Differential Diagnosis

Empirical Treatment

  • Maintain sats, hydration (nil by mouth with iv fluids until swallowing assessed), glucose, temperature
  • BP should not be lowered acutely unless it is greater than 220/120 and only then with senior advice

Investigations

  • Bloods: FBC, U&E, glucose
  • ECG; Chest X-ray
  • CT <24h (<12h if ?haemorrhage e.g. on anticoagulation, SAH Sx); LP >12h if ?SAH after negative CT; consider MRI if >10 days after symptoms

Definitive treatment (multi-disciplinary approach is best)

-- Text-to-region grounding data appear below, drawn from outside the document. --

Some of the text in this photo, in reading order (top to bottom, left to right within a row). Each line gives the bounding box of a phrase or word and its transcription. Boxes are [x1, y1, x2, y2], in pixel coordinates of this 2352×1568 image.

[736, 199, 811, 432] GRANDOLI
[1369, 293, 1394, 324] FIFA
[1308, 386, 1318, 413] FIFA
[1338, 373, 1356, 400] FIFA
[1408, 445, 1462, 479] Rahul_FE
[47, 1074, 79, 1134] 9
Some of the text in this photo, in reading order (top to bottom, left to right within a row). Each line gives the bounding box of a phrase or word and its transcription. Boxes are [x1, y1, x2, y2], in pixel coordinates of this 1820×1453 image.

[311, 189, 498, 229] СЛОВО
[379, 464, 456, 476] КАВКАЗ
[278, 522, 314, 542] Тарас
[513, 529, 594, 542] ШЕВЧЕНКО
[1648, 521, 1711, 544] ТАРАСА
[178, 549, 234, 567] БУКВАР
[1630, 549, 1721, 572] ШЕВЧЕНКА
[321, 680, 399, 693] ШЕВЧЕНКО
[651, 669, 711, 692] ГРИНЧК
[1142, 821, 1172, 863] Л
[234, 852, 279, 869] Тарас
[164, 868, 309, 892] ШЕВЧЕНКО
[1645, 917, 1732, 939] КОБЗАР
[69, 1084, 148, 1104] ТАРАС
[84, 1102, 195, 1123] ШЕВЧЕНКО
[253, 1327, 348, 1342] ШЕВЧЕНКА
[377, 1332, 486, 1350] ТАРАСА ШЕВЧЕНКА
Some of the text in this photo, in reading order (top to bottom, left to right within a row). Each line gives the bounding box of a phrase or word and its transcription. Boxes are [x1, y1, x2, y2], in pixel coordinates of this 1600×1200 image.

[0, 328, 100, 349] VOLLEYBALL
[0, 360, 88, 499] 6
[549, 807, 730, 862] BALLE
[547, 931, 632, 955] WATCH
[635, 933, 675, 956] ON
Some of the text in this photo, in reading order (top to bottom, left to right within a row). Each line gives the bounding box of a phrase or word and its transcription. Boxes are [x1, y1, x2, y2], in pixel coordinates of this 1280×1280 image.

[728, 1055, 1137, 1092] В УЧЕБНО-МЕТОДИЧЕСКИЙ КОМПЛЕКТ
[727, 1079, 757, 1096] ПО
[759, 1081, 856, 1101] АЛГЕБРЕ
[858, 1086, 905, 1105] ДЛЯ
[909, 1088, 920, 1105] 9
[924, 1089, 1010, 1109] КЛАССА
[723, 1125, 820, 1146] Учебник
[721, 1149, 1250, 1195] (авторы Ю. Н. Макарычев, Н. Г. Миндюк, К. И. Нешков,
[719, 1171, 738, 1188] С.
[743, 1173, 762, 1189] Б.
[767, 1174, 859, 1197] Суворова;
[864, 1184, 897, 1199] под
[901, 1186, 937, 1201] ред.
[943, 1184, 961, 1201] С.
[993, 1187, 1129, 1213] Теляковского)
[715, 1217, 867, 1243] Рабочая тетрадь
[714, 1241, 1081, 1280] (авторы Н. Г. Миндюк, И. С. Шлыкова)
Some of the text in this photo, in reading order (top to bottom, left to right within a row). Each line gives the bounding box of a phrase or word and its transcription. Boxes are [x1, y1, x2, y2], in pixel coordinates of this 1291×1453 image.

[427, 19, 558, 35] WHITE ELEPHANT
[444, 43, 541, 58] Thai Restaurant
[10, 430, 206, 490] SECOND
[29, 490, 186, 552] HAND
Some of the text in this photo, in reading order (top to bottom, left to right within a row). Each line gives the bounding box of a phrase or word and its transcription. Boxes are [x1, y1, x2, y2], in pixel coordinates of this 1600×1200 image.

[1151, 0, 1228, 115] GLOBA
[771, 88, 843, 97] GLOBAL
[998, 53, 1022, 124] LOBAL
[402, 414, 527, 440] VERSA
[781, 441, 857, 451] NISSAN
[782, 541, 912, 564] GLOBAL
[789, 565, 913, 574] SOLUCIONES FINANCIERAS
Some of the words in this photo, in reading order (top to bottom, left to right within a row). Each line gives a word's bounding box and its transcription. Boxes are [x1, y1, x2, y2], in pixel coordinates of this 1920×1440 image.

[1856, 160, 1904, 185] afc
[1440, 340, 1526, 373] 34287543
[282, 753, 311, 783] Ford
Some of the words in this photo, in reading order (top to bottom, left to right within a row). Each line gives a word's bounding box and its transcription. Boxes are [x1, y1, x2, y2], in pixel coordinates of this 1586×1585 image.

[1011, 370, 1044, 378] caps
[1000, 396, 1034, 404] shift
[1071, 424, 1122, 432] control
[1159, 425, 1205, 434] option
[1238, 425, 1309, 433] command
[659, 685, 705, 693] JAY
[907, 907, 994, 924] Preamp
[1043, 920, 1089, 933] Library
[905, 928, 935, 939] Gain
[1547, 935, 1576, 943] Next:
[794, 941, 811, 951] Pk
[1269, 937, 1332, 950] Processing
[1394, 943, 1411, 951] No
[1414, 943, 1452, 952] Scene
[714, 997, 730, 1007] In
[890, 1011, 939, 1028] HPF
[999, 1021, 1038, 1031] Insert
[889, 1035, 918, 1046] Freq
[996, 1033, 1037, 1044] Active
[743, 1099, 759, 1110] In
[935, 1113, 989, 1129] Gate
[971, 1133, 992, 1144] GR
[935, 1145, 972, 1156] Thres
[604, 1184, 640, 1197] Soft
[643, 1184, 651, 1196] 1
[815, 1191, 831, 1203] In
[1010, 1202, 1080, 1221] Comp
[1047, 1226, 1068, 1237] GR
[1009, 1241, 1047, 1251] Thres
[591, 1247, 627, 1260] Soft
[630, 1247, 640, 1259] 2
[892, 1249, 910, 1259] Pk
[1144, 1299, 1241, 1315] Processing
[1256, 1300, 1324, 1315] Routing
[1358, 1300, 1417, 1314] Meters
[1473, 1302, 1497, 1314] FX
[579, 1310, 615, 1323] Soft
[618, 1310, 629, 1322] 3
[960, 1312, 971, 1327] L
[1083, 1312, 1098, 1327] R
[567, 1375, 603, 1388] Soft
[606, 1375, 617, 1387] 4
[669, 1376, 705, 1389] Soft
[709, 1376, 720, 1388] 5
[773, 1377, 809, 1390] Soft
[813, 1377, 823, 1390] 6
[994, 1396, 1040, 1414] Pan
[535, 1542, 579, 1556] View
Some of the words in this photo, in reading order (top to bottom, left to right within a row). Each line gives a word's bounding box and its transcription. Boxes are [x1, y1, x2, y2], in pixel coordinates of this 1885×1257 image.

  • Ischaemic (including TIA): consider altepase thrombolysis <3h after haemorrhage excluded; also give aspirin 300mg STAT after haemorrhage excluded, rectally/enterally if necessary (delay 24h following thrombolysis)
  • Haemorrhagic: if SAH continue support (HHHT i.e. lots of fluids) and start nimodipine 60mg PO q4h, surgical assessment; otherwise consider surgery if supratentorial bleed with mass effect, or any posterior fossa bleed
  • Admit to stroke unit (better outcomes)
  • Secondary prevention (<1w after CVA): lifestyle advice (stop smoking, exercise, diet, reduce salt, reduce alcohol); hypertension >2 weeks treated e.g. ACE inhibitor and/or thiazide diuretic; cholesterol >3.5mM treated e.g. statin; do not routinely anti-coagulate up to 14 days following an event (use stockings for DVT/PE prophylaxis instead) unless e.g. atrial fibrillation; aspirin 75mg PO daily if not anti-coagulated (or alternative e.g. clopidogrel); carotid stenosis consider surgery (CEA) if >70%/50% using ECST or NASCET methods
  • Rehabilitation (as soon as possible): physiotherapy, speech and language therapy (SALT); occupational therapy (OT); is the patient depressed?

References

  1. Intercollegiate guidelines 2004

Stroke types

Oxfordshire Stroke Subtype Classification of ischaemic strokes

Subtype Features Notes
Lacunar infarcts (LACI)= 25% Pure motor or sensory stroke, sensorimotor stroke, or ataxic hemiparesis
Total anterior circulation infarcts (TACI) = 17% A combination of new higher cerebral dysfunction (e.g., dysphasia), homonymous visual field defect, and ipsilateral motor or sensory deficit of at least 2 areas of face, arm, and leg High mortality and poor chance of good functional outcome
Partial anterior circulation infarcts (PACI)= 27% Only 2 of 3 components of TACI; higher cerebral dysfunction alone or with motor/sensory deficit more restricted than for LACI More likely to have an early recurrent stroke
Posterior circulation infarcts (POCI) = 19% Brain stem or cerebellar dysfunction More likely to have late recurrence but good overall outcome

(Page updated with reference to Addenbrooke’s Guide to Neurological Emergencies, for Hospitals in Cambridgeshire, Suffolk and Norfolk. March 2006 – March 2007)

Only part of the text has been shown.